* TASK OBJECTIVE
Omitting all images, output the entries that follow exactly as written.

Items from a dataset
■ ■ ■ ■ ■ ■ ■

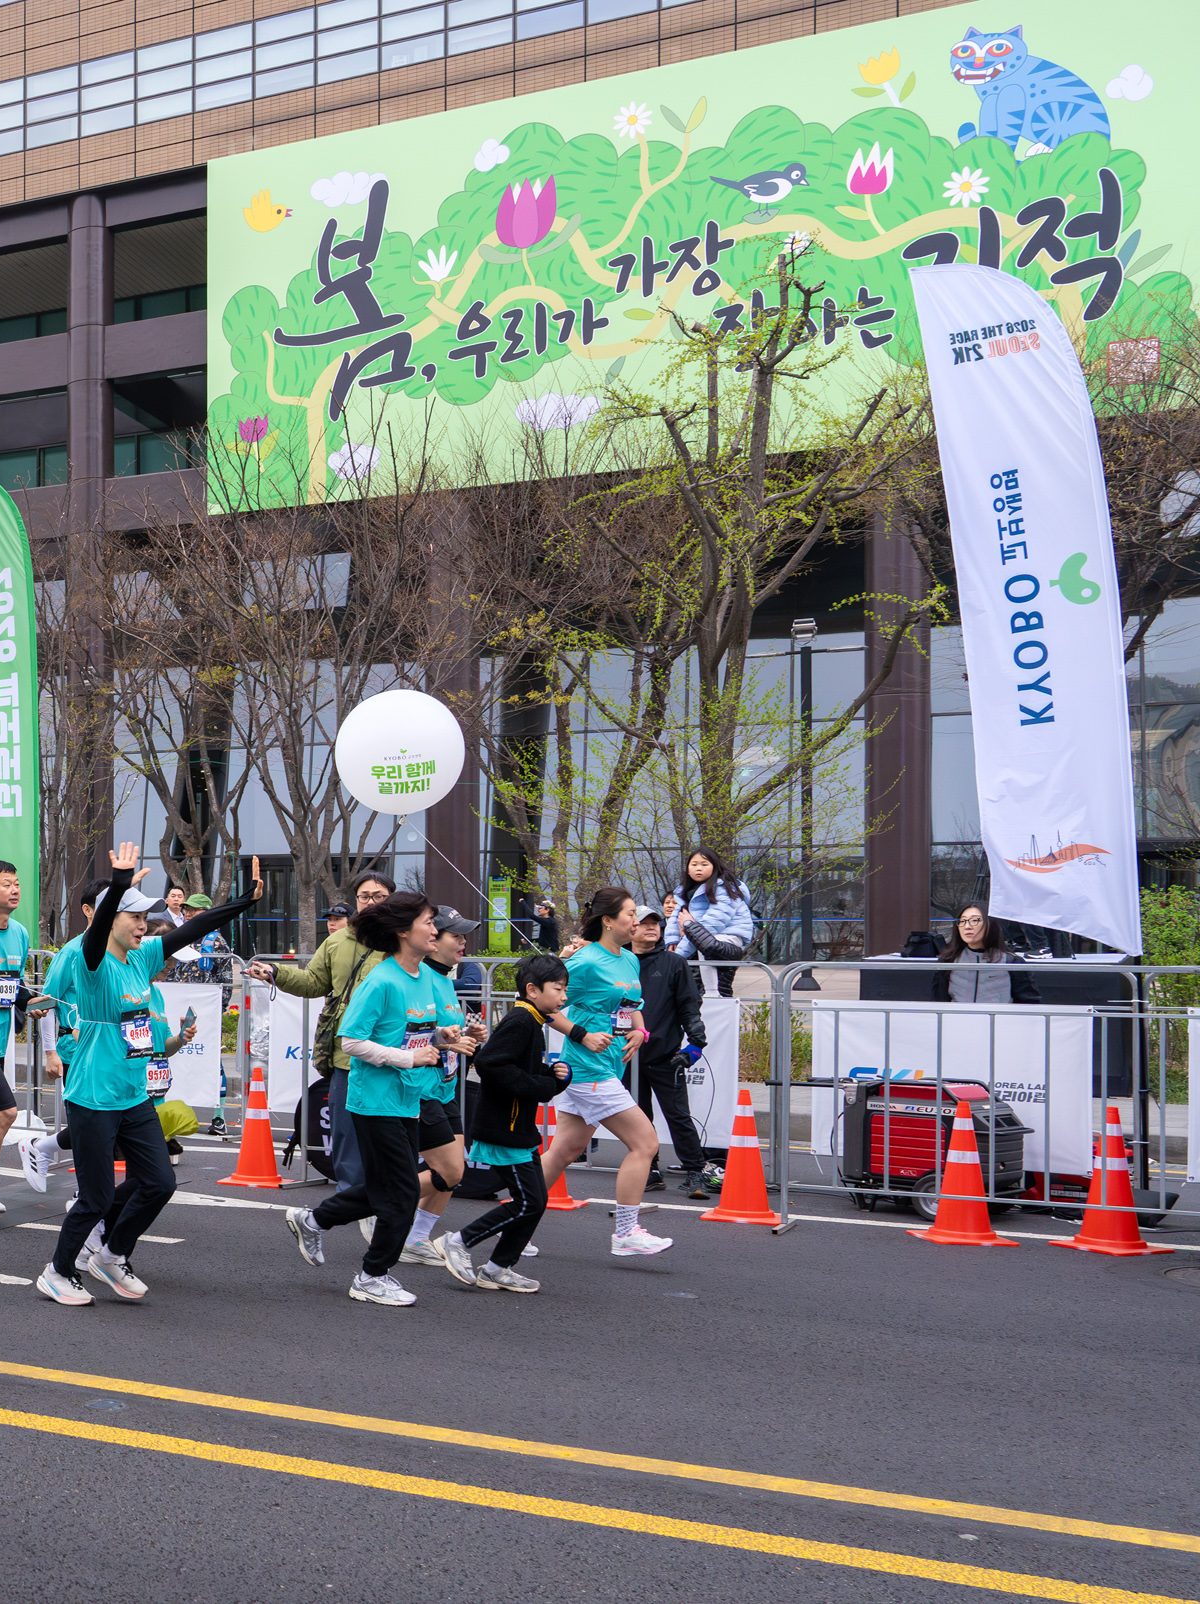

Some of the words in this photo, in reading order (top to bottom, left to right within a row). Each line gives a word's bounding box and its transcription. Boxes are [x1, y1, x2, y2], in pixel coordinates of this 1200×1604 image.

[274, 179, 436, 422] 봄,
[448, 298, 610, 379] 우리가
[607, 220, 737, 298] 가장
[371, 765, 403, 780] 우리
[405, 760, 436, 778] 함께
[378, 778, 431, 795] 끝까지!
[988, 1081, 1025, 1090] OREA
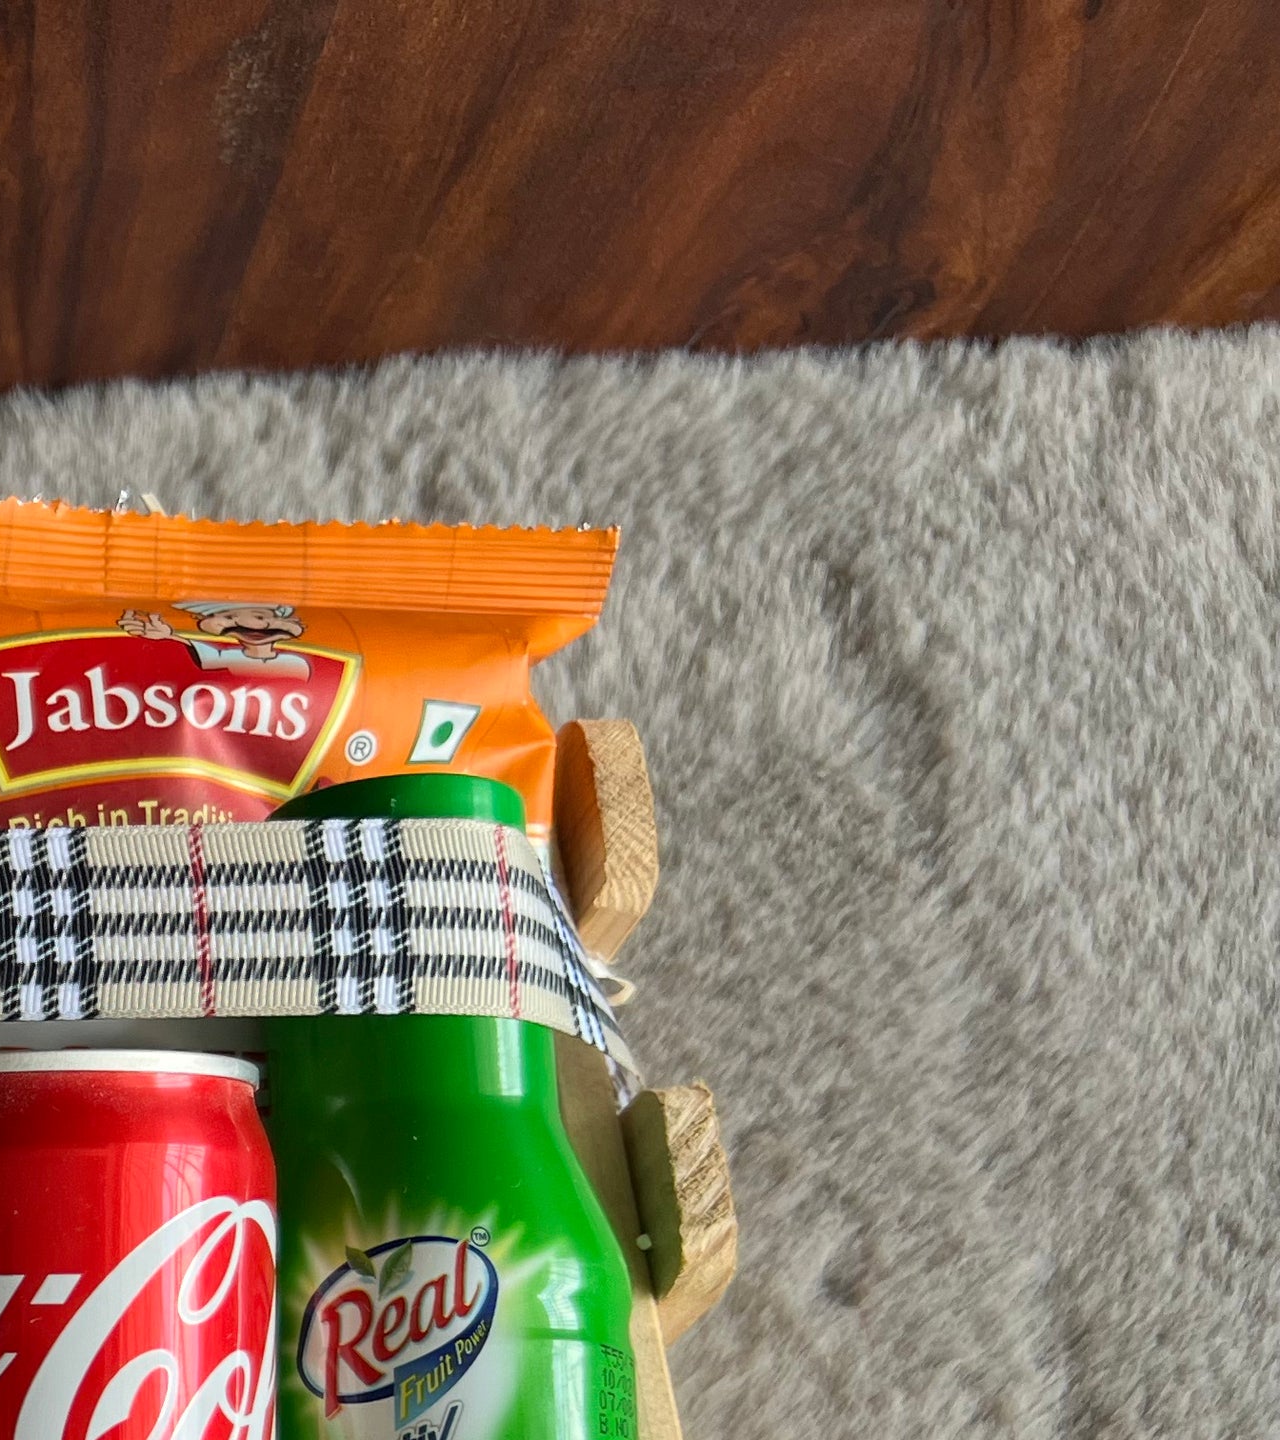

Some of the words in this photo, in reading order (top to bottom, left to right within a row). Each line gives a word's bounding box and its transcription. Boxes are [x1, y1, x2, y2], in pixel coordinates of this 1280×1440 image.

[1, 666, 310, 752] Jabsons
[322, 1238, 482, 1420] Real
[399, 1355, 454, 1421] Fruit
[454, 1318, 488, 1366] Power

■ ■ ■ ■ ■ ■ ■

* SOLUTION FOR THIS EXERCISE
Some of the words in this photo, in reading order (top to bottom, left to right within a row). Each line gives a word's bounding box and its transcription. Boxes are [x1, y1, x2, y2], in pixel coordinates of this 1200×1604 image.

[274, 179, 436, 422] 봄,
[448, 298, 610, 379] 우리가
[607, 220, 737, 298] 가장
[371, 765, 403, 780] 우리
[405, 760, 436, 778] 함께
[378, 778, 431, 795] 끝까지!
[988, 1081, 1025, 1090] OREA

Some of the words in this photo, in reading order (top to bottom, left to right within a row). Each line gives a word's bounding box and its transcription. Boxes are [x1, y1, x2, y2], in pixel coordinates of this 1280×1440 image.

[1, 666, 310, 752] Jabsons
[322, 1238, 482, 1420] Real
[399, 1355, 454, 1421] Fruit
[454, 1318, 488, 1366] Power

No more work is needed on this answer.